Ramusi also confirmed that a separate case involving MultiChoice’s acquisition of SABC content is currently before the Competition Tribunal, with regulators continuing to assess whether it constitutes a merger and whether it complies with competition and public interest requirements.

"We are still reviewing it and will update you as it progresses," Ramusi said, adding that Icasa is working closely with other authorities through a memorandum of understanding to assess the broader implications of such deals.

He highlighted that government engagement, including input from the Department of Communications and Digital Technologies and the Department of Trade, Industry and Competition, has already addressed concerns around content exclusivity on free-to-air platforms.

Ramusi said other aspects that Icasa was seized with for some time included an area that's evolving quite rapidly seeing other content being available

"The listing on the JSE is unprecedented. When we look at the public interest, we look at the sectoral impact. MultiChoice has been supporting many activities, and by listing on the JSE, it supports the stock exchange, jobs, creative industries, and the beneficiation (or lack thereof) of local content producers," he said.

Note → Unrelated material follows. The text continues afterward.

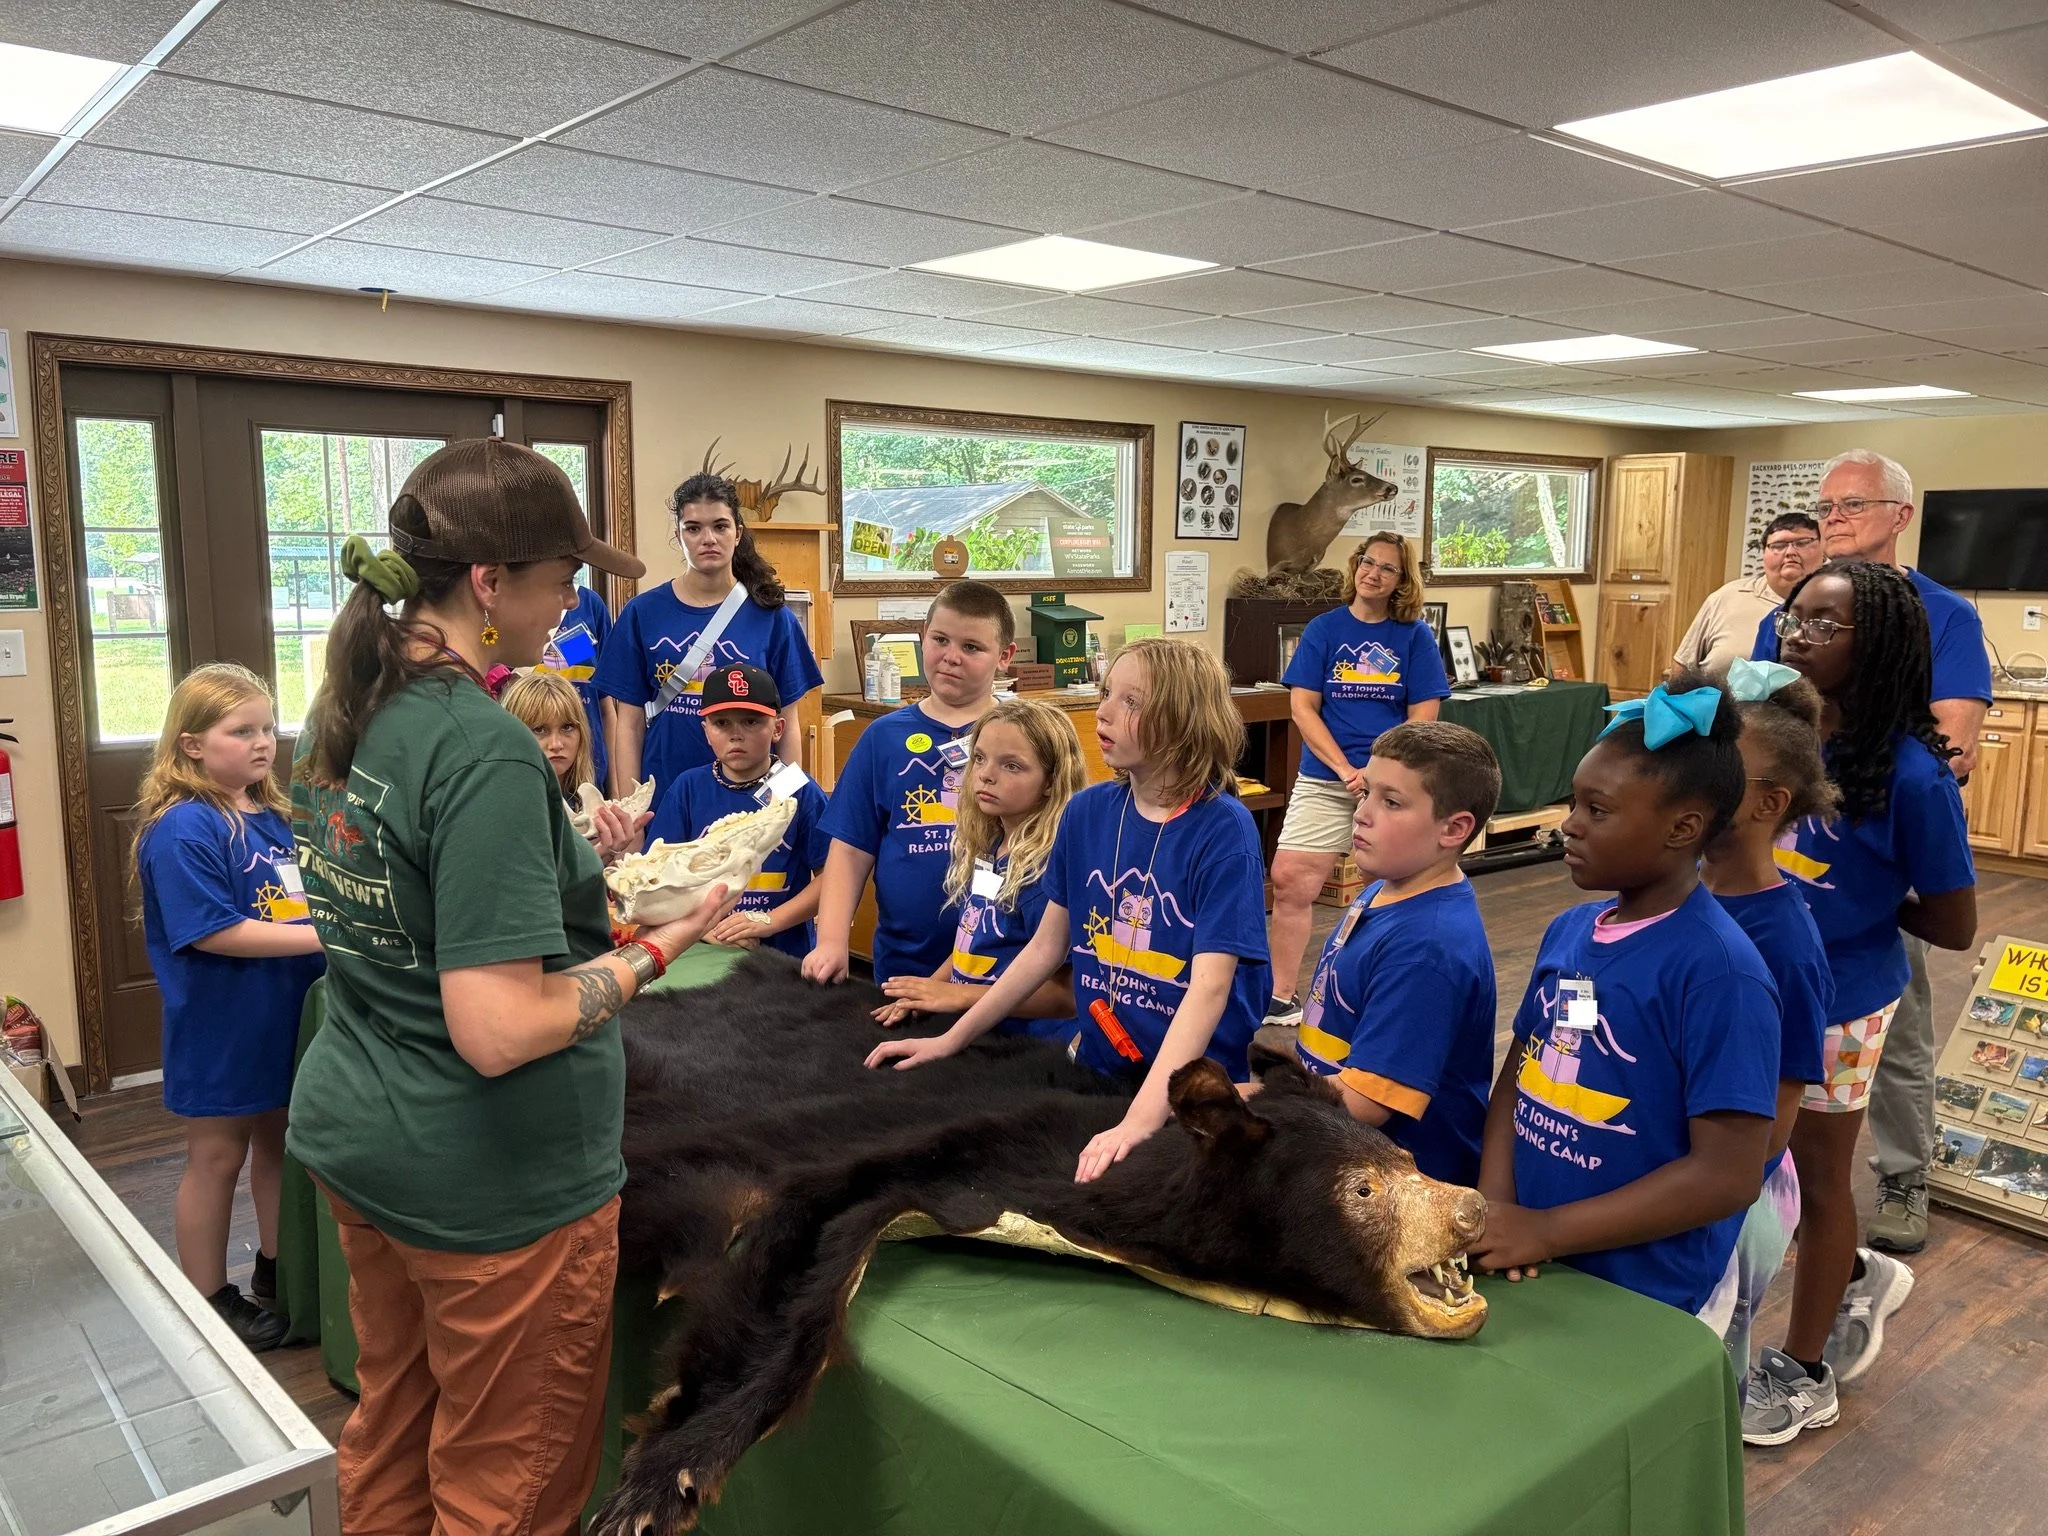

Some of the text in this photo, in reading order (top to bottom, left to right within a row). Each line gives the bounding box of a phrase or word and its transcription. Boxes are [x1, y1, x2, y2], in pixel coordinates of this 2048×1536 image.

"The issue for us is that digital broadcasting will transform the audiovisual space."

Icasa's executive for licensing and compliance, Fikile Hlongwane, reassured Parliament that MultiChoice—now referred to as LicenceCo—remains a South African company despite the merger.

"Yes, MultiChoice, now called Licence Co is still operating as a South African company, governed by the licence for broadcasting entity though we are amenable," she said.

Hlongwane said there is no major foreign takeover of LicenceCo or Canal Plus does not control LicenceCo, which is 80% owned South Africans through empowerment schemes including Phuthuma Nathi.

"Despite its limitations, we must highlight that the ECA protects South African ownership by restricting foreign control to 20% of directors, thereby limiting foreign ownership to 20%.

"The question relating to MultiChoice-Canal issue, the public interest, and the act framework: when we assess a merger, we look at the competition aspect and the public interest component." 

Hlongwane said while the merger in Canal Plus did not raise competition concerns, there were public interest concerns, including confidentiality, employment, promotion of ownership by historically-disadvantaged persons and workers, supplier development and corporate social investment initiatives.

The conditions include providing access to an international sporting event where South African national teams or individuals are participating. The merged entity will identify opportunities to increase the availability of locally produced South African general entertainment content internationally.

The conditions also included listing of Canal+ on the JSE, subject to obtaining all regulatory approvals.